Please could you give again the lines from the one holding "this 2208×1656 image." through the final line of the data below, exactly, with no other lines?
.....
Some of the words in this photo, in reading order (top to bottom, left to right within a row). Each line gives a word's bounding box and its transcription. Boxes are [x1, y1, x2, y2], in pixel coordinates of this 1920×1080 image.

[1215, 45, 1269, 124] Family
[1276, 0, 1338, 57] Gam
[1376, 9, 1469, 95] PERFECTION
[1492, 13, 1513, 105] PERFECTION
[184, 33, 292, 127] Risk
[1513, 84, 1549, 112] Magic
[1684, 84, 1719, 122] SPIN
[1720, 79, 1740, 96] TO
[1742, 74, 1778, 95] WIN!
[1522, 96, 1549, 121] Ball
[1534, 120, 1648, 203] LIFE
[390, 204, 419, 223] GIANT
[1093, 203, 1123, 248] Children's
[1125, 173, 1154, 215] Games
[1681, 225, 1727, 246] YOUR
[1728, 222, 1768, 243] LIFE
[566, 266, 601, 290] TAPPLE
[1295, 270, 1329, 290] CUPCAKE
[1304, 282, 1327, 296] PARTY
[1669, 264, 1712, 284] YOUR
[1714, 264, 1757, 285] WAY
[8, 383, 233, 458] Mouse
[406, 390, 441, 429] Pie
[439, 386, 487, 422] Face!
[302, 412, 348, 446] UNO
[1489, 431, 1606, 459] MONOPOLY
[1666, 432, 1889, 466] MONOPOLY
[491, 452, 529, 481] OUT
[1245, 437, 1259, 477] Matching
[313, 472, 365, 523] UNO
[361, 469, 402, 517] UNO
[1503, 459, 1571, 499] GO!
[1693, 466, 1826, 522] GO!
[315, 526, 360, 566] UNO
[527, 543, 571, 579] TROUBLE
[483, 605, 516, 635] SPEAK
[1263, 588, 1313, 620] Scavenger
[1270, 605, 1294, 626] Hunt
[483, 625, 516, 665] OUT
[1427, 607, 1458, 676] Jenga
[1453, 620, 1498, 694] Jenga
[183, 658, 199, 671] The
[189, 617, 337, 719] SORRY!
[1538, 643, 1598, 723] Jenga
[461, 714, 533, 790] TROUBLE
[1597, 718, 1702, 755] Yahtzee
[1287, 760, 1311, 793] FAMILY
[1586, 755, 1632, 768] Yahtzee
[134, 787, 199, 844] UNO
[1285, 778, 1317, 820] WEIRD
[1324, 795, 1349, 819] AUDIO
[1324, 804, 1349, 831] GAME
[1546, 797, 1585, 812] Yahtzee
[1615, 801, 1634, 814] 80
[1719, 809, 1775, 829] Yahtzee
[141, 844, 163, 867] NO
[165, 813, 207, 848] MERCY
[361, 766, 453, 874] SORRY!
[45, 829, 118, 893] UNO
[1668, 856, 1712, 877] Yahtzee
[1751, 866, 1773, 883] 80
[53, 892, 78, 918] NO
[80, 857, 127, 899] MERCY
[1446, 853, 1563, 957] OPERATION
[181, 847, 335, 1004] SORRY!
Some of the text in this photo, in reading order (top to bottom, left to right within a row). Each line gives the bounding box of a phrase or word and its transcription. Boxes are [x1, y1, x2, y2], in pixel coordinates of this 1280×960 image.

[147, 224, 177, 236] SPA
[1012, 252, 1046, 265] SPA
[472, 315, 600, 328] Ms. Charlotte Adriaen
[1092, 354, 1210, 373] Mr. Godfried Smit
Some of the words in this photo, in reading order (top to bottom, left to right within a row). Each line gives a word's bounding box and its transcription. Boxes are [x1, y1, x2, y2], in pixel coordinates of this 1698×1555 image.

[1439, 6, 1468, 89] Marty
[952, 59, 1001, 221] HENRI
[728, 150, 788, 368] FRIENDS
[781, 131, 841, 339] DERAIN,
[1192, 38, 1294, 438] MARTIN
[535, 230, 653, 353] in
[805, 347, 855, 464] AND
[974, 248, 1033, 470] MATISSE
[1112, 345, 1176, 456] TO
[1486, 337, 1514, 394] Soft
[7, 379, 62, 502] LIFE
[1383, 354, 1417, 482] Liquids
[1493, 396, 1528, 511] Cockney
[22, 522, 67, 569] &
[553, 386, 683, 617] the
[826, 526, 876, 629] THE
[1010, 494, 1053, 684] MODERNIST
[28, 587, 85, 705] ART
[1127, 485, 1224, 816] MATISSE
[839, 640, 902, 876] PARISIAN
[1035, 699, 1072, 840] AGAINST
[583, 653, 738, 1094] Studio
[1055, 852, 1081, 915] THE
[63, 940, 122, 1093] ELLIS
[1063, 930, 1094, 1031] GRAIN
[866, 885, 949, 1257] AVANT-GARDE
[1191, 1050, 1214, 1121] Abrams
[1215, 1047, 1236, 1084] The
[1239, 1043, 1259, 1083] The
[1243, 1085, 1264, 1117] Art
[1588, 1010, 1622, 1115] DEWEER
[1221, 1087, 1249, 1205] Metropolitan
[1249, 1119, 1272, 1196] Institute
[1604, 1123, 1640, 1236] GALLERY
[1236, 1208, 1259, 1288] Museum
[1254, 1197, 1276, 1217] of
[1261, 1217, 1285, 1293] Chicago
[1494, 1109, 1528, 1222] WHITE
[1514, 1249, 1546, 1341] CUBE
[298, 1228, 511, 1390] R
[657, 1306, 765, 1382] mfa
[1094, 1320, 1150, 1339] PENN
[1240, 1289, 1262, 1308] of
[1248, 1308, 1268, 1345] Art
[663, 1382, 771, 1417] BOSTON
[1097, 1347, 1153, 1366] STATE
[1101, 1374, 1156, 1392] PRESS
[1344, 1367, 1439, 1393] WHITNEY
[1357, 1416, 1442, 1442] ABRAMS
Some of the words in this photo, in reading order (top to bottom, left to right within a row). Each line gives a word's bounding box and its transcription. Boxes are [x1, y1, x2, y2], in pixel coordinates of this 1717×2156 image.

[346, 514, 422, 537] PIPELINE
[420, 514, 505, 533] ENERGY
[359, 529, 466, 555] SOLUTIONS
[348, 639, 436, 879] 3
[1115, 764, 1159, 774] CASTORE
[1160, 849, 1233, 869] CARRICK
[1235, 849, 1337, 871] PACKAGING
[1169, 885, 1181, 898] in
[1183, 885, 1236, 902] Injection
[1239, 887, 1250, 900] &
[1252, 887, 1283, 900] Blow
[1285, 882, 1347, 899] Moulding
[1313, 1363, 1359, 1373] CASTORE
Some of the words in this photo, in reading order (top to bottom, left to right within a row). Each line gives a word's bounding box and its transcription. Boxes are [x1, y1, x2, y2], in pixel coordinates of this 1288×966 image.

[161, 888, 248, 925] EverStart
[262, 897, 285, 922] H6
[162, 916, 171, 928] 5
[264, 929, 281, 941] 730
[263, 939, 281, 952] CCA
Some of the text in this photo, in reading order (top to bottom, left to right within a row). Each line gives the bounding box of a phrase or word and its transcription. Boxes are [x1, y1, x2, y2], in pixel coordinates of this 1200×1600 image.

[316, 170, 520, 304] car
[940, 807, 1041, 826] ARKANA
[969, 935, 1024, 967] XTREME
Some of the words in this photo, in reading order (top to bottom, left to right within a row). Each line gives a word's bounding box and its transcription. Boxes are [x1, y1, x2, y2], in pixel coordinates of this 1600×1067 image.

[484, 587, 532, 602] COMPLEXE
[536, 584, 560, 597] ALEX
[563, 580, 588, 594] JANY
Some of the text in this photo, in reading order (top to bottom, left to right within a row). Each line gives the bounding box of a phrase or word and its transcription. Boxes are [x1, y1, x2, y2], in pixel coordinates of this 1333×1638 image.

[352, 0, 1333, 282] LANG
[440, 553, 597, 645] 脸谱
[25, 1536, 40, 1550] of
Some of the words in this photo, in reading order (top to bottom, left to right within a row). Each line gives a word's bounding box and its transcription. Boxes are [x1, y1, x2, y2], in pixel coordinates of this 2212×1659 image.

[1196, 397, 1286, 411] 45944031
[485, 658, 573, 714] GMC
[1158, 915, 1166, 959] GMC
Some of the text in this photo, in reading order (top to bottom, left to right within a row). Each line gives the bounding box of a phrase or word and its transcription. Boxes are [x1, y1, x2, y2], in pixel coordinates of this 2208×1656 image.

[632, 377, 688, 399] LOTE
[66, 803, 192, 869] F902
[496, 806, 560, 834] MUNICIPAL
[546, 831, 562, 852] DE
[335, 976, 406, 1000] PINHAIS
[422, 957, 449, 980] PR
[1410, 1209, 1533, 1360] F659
.....
• _Your response_
Some of the text in this photo, in reading order (top to bottom, left to right within a row). Each line gives the bounding box of a phrase or word and its transcription. Boxes are [x1, y1, x2, y2], in pixel coordinates of this 2208×1656 image.

[632, 377, 688, 399] LOTE
[66, 803, 192, 869] F902
[496, 806, 560, 834] MUNICIPAL
[546, 831, 562, 852] DE
[335, 976, 406, 1000] PINHAIS
[422, 957, 449, 980] PR
[1410, 1209, 1533, 1360] F659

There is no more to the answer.